-- PROBLEM REQUIREMENTS --
Print all of the data below exactly as it appears, leaving out every image.

Stored data

★ ★ ★

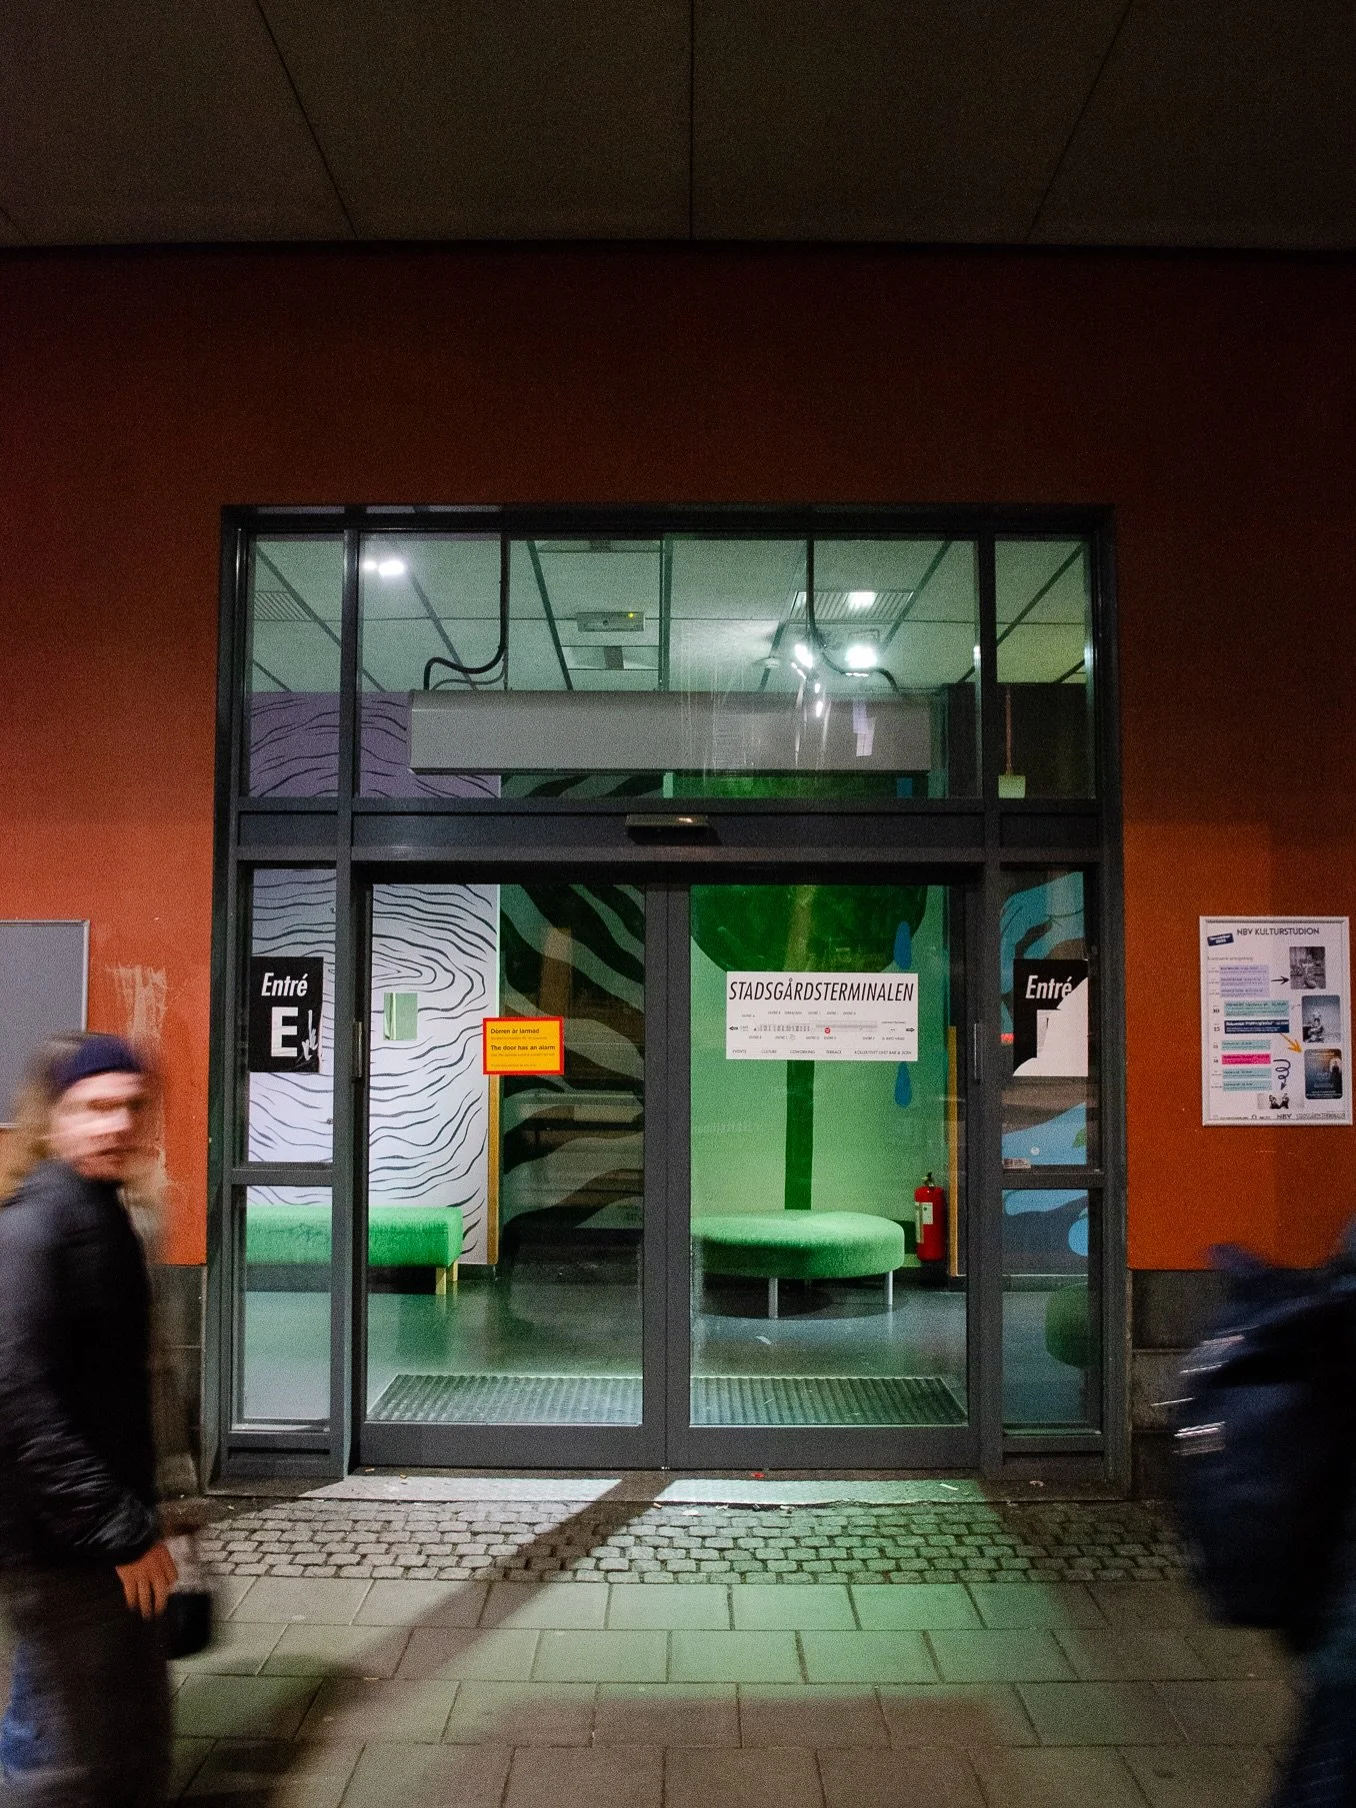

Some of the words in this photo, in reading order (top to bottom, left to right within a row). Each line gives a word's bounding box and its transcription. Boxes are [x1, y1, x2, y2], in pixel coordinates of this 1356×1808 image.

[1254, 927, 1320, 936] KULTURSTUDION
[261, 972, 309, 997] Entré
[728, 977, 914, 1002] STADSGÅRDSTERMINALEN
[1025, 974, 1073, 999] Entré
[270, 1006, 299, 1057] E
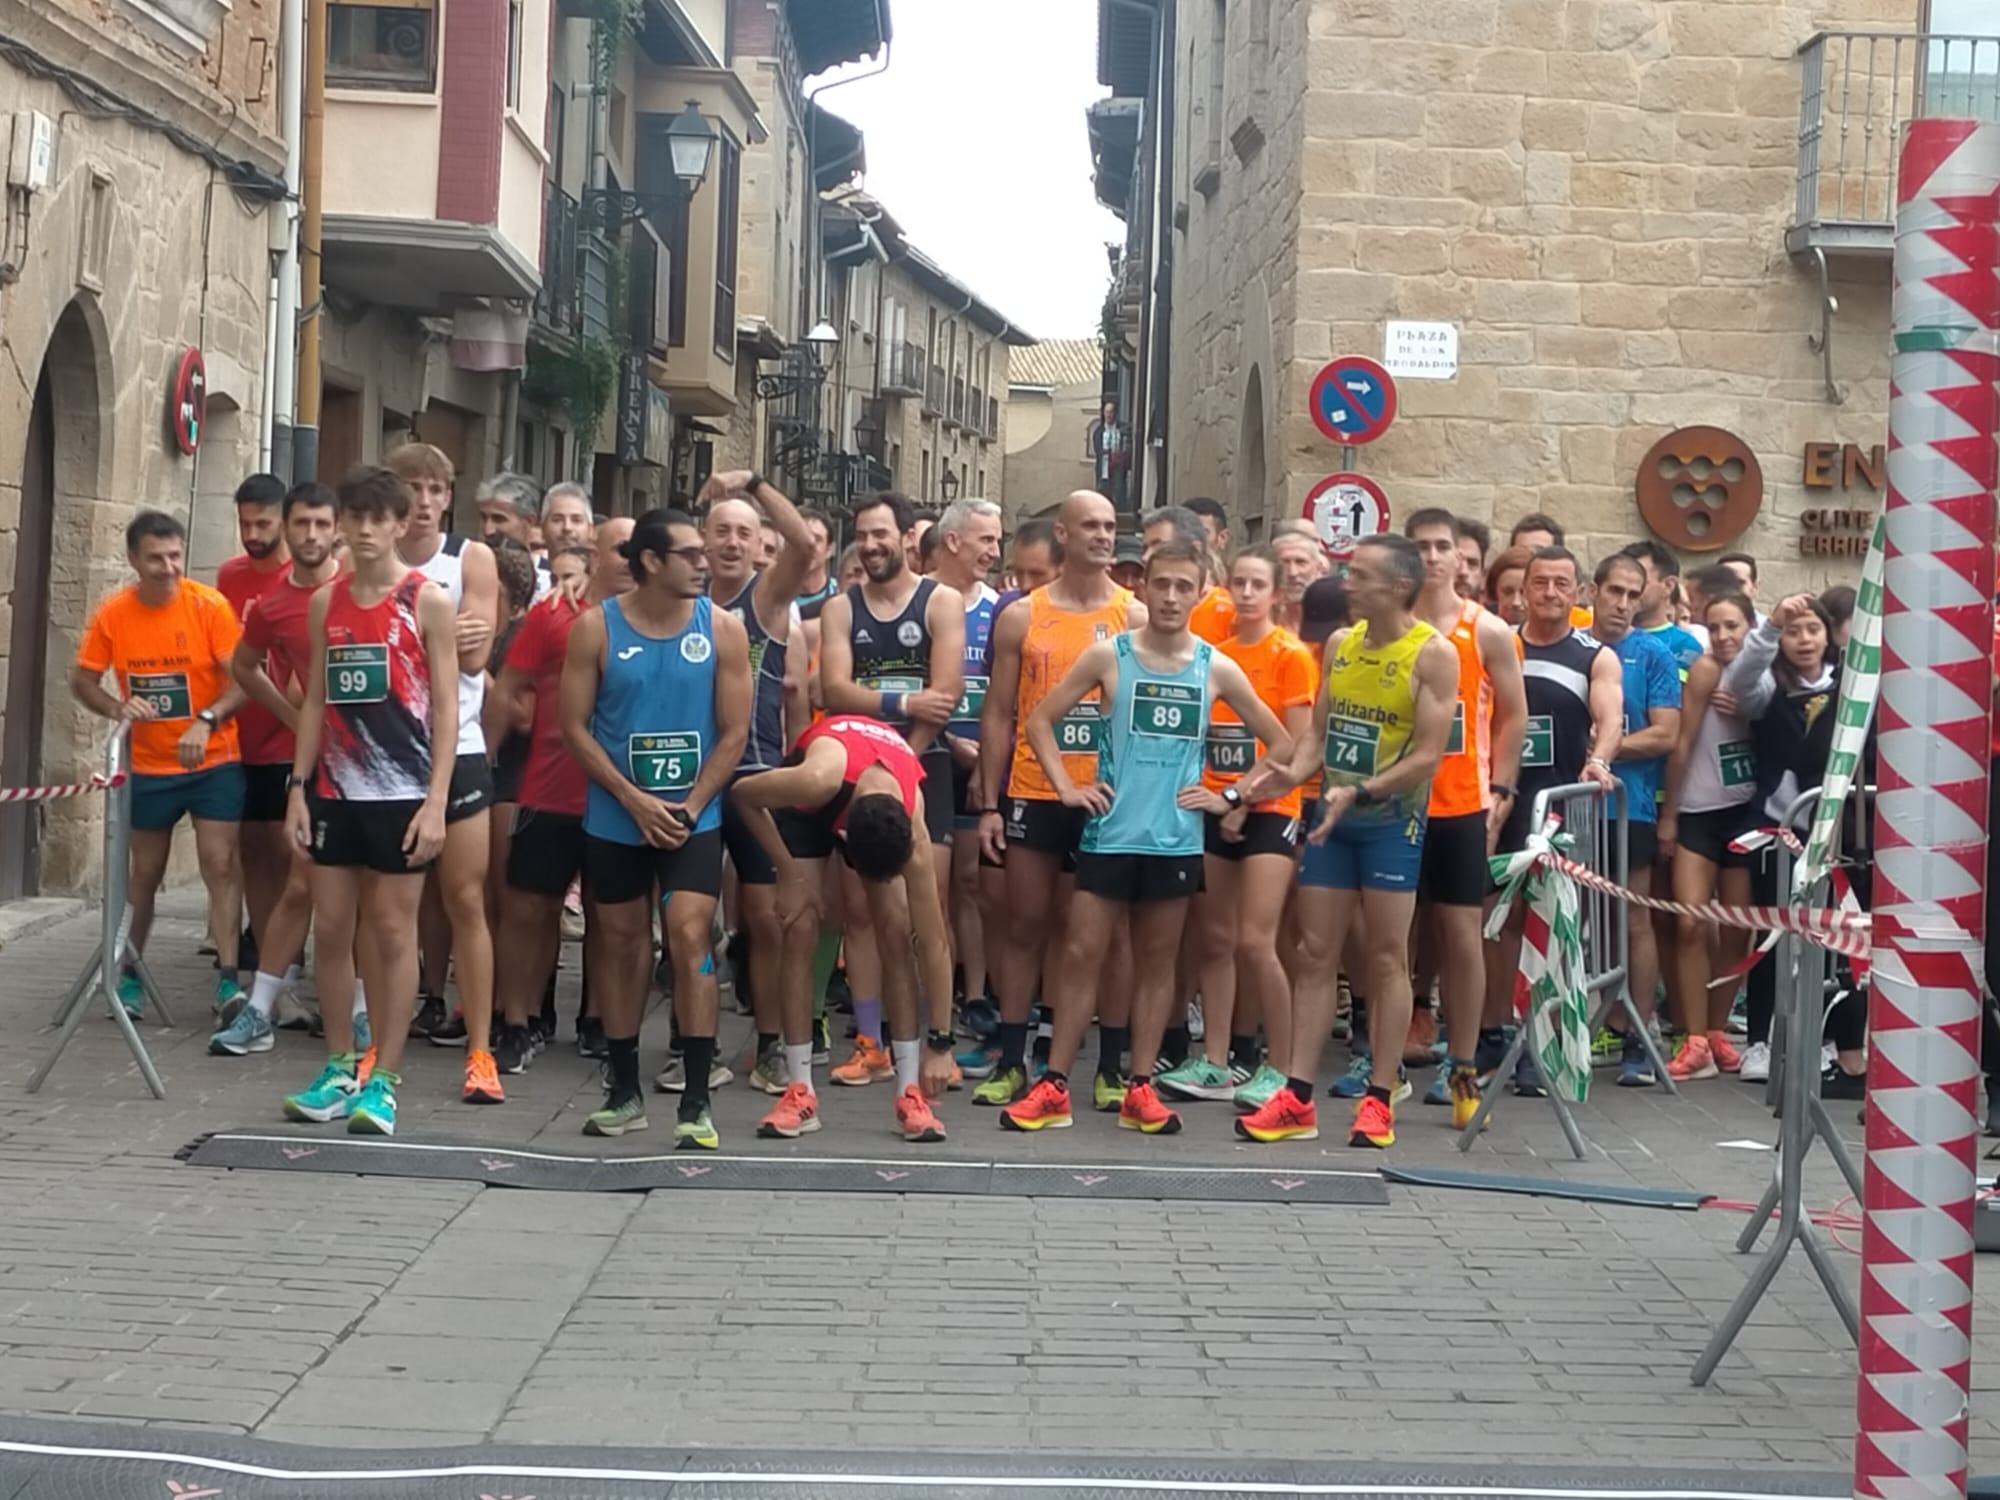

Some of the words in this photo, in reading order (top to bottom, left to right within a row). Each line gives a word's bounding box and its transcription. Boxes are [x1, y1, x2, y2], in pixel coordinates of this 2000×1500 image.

★ ★ ★

-- OUTPUT OF THE TASK --
Some of the words in this photo, in reading order (top to bottom, left to right within a row). Each line gives a word's bounding box and its transcription. Boxes are [x1, y1, x2, y2], in pixel coordinates of this 1356×1808 image.

[1254, 927, 1320, 936] KULTURSTUDION
[261, 972, 309, 997] Entré
[728, 977, 914, 1002] STADSGÅRDSTERMINALEN
[1025, 974, 1073, 999] Entré
[270, 1006, 299, 1057] E

Some of the words in this photo, in reading order (top to bottom, left to right within a row). Each line gives a word's bounding box and its transcription. Boxes are [x1, y1, x2, y2], in pixel coordinates of this 2000×1500 image.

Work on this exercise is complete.